Венедикт Ерофеев на первых порах был преисполнен энтузиазма. Он написал две статьи для «Учёных записок Владимирского пединститута». Выполнил довольно-таки быстро то, что предложила ему Раиса Лазаревна Засьма. Эти были статьи о творчестве норвежского писателя Генрика Ибсена. Они были отвергнуты и пропали. Однако в блокнотах и тетрадках Венедикта Ерофеева с мая по август 1961 года сохранились его размышления о драмах Бьёрнстьерне Бьёрсона «Банкротство», «Редактор», «Перчатка»13 и Генрика Ибсена «Борьба за престол» и «Бранд»14, «Император Юлиан»15, «Кукольный дом»16, «Дикая утка»17, «Привидения»18, «Столп общества»19, «Враг народа»20, «Росмерсхольм»21. Не надо долго гадать, чтобы понять, что это были черновые наброски будущей статьи о пьесах Генрика Ибсена.
Ерофеевские обзоры пьес Ибсена между тем не содержали ничего крамольного.

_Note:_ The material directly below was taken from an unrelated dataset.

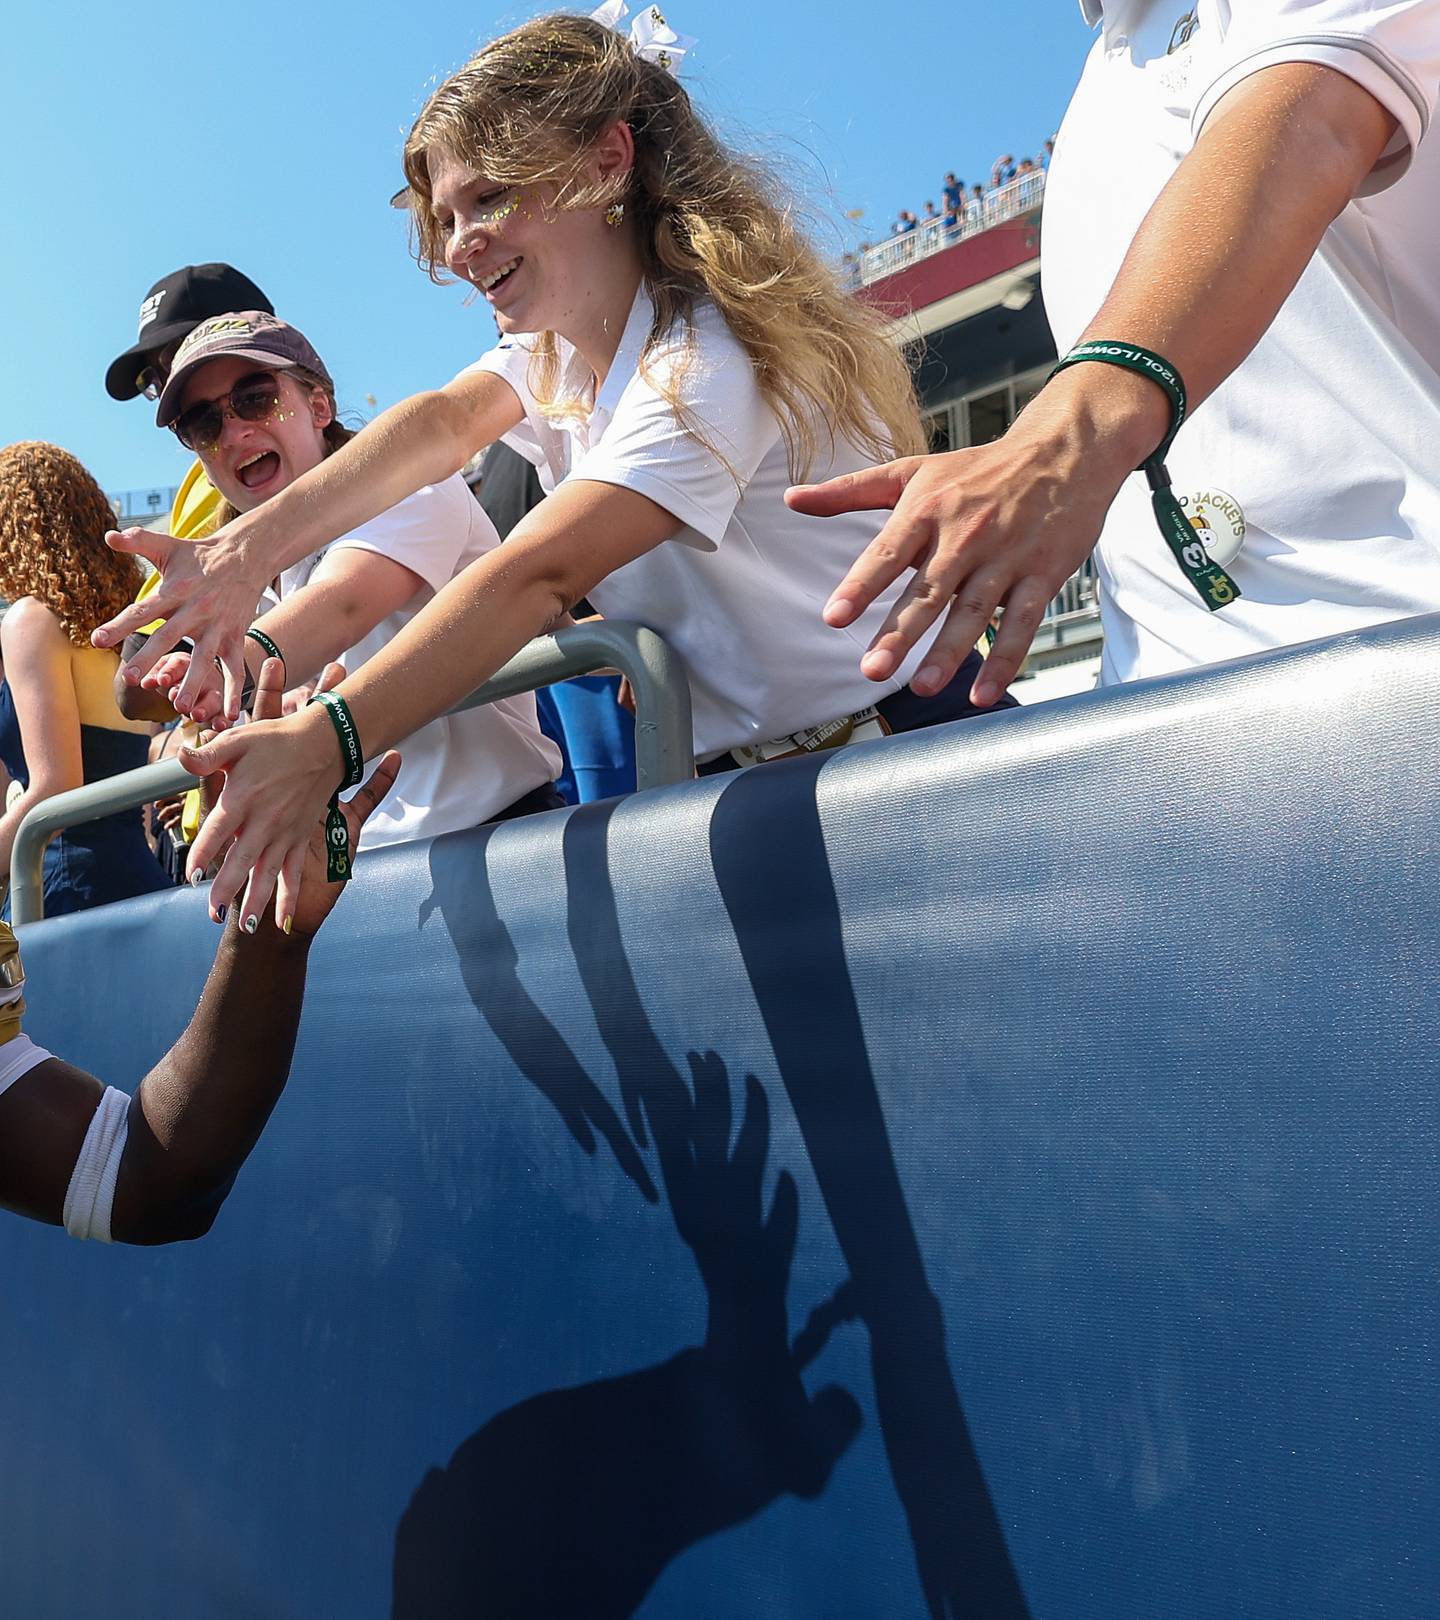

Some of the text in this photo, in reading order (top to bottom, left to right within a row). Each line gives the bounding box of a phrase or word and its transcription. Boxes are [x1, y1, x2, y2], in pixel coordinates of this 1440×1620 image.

[1192, 491, 1246, 536] JACKETS
[804, 737, 820, 751] THE
[817, 717, 849, 742] JACKETS

Ведь не об «Окаянных днях» Ивана Бунина или «Несвоевременных мыслях» Максима Горького писал молодой литературовед! Однако они напугали и насторожили Ларису Лазаревну Засьму намного больше, чем эти два названных мною произведения, ибо своими аллюзиями драмы Генрика Ибсена непосредственно затрагивали самое актуальное в тогдашнем советском обществе, о чём говорили вполголоса, а иногда и громко — судьбу фантасмагорического мира, ещё вчера находившегося под властью Сталина.